= Beginning of Section =

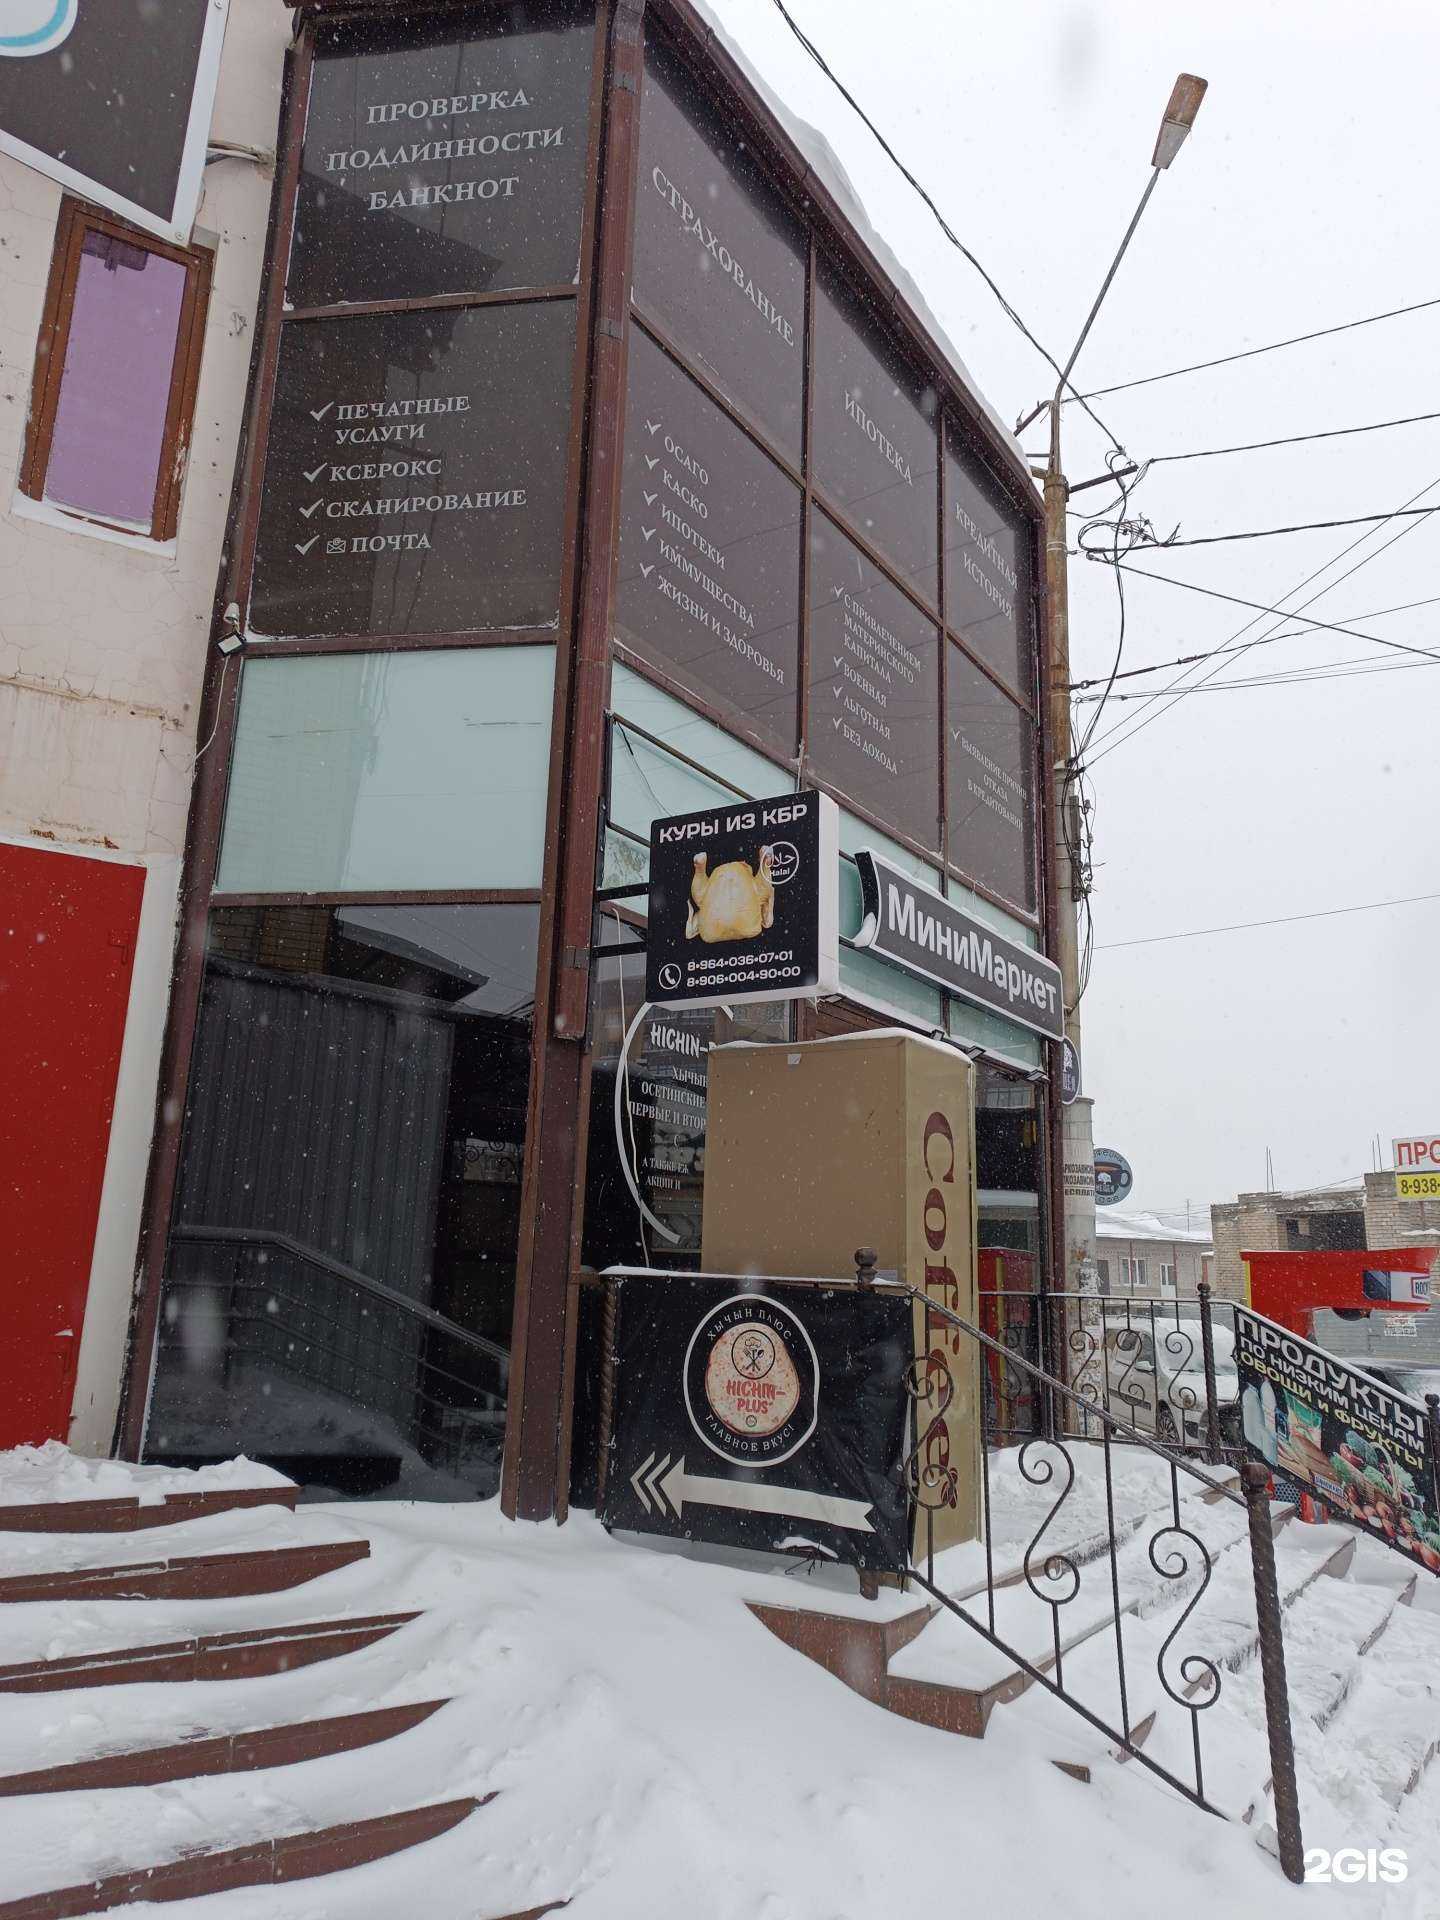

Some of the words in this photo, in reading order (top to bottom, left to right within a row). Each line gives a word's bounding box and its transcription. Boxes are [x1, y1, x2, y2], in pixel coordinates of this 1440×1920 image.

[366, 88, 530, 124] ПРОВЕРКА
[326, 127, 564, 171] ПОДЛИННОСТИ
[368, 176, 520, 211] БАНКНОТ
[652, 167, 794, 347] СТРАХОВАНИЕ
[335, 396, 471, 420] ПЕЧАТНЫЕ
[335, 423, 425, 445] УСЛУГИ
[844, 391, 913, 487] ИПОТЕКА
[328, 459, 442, 481] КСЕРОКС
[664, 436, 709, 485] ОСАГО
[325, 489, 527, 518] СКАНИРОВАНИЕ
[663, 468, 708, 519] КАСКО
[350, 532, 432, 553] ПОЧТА
[661, 504, 726, 570] ИПОТЕКИ
[955, 502, 1019, 592] КРЕДИТНАЯ
[659, 538, 755, 629] ИММУЩЕСТВА
[963, 551, 1013, 621] ИСТОРИЯ
[657, 575, 709, 626] ЖИЗНИ
[711, 616, 721, 636] И
[723, 625, 785, 685] ЗДОРОВЬЯ
[844, 594, 851, 609] С
[852, 600, 921, 672] ПРИВЛЕЧЕНИЕМ
[844, 612, 914, 683] МАТЕРИНСКОГО
[844, 634, 892, 684] КАПИТАЛА
[844, 663, 887, 709] ВОЕННАЯ
[844, 695, 890, 739] ЛЬГОТНАЯ
[843, 723, 860, 748] БЕЗ
[862, 739, 897, 775] ДОХОДА
[659, 819, 719, 844] КУРЫ
[726, 812, 756, 832] ИЗ
[762, 804, 807, 826] КБР
[888, 883, 1057, 1014] МиниМаркет
[641, 1081, 706, 1109] ОСЕТИНСКИЕ
[707, 1308, 753, 1341] ХЫЧЫН
[759, 1309, 792, 1341] ПЛЮС
[1238, 1312, 1425, 1439] ПРОДУКТЫ
[1241, 1336, 1266, 1359] ПО
[1270, 1353, 1349, 1410] НИЗКИМ
[1355, 1402, 1425, 1455] ЦЕНАМ
[705, 1414, 758, 1452] ГЛАВНОЕ
[1241, 1351, 1312, 1403] ОВОЩИ
[1334, 1409, 1424, 1471] ФРУКТЫ

= End of Section =

• Work instructions: In the printed copy, the material above must appear unchanged and without its pictures.

• Your solution:
Some of the words in this photo, in reading order (top to bottom, left to right within a row). Each line gives a word's bounding box and its transcription. Boxes are [x1, y1, x2, y2], in pixel coordinates of this 1440×1920 image.

[366, 88, 530, 124] ПРОВЕРКА
[326, 127, 564, 171] ПОДЛИННОСТИ
[368, 176, 520, 211] БАНКНОТ
[652, 167, 794, 347] СТРАХОВАНИЕ
[335, 396, 471, 420] ПЕЧАТНЫЕ
[335, 423, 425, 445] УСЛУГИ
[844, 391, 913, 487] ИПОТЕКА
[328, 459, 442, 481] КСЕРОКС
[664, 436, 709, 485] ОСАГО
[325, 489, 527, 518] СКАНИРОВАНИЕ
[663, 468, 708, 519] КАСКО
[350, 532, 432, 553] ПОЧТА
[661, 504, 726, 570] ИПОТЕКИ
[955, 502, 1019, 592] КРЕДИТНАЯ
[659, 538, 755, 629] ИММУЩЕСТВА
[963, 551, 1013, 621] ИСТОРИЯ
[657, 575, 709, 626] ЖИЗНИ
[711, 616, 721, 636] И
[723, 625, 785, 685] ЗДОРОВЬЯ
[844, 594, 851, 609] С
[852, 600, 921, 672] ПРИВЛЕЧЕНИЕМ
[844, 612, 914, 683] МАТЕРИНСКОГО
[844, 634, 892, 684] КАПИТАЛА
[844, 663, 887, 709] ВОЕННАЯ
[844, 695, 890, 739] ЛЬГОТНАЯ
[843, 723, 860, 748] БЕЗ
[862, 739, 897, 775] ДОХОДА
[659, 819, 719, 844] КУРЫ
[726, 812, 756, 832] ИЗ
[762, 804, 807, 826] КБР
[888, 883, 1057, 1014] МиниМаркет
[641, 1081, 706, 1109] ОСЕТИНСКИЕ
[707, 1308, 753, 1341] ХЫЧЫН
[759, 1309, 792, 1341] ПЛЮС
[1238, 1312, 1425, 1439] ПРОДУКТЫ
[1241, 1336, 1266, 1359] ПО
[1270, 1353, 1349, 1410] НИЗКИМ
[1355, 1402, 1425, 1455] ЦЕНАМ
[705, 1414, 758, 1452] ГЛАВНОЕ
[1241, 1351, 1312, 1403] ОВОЩИ
[1334, 1409, 1424, 1471] ФРУКТЫ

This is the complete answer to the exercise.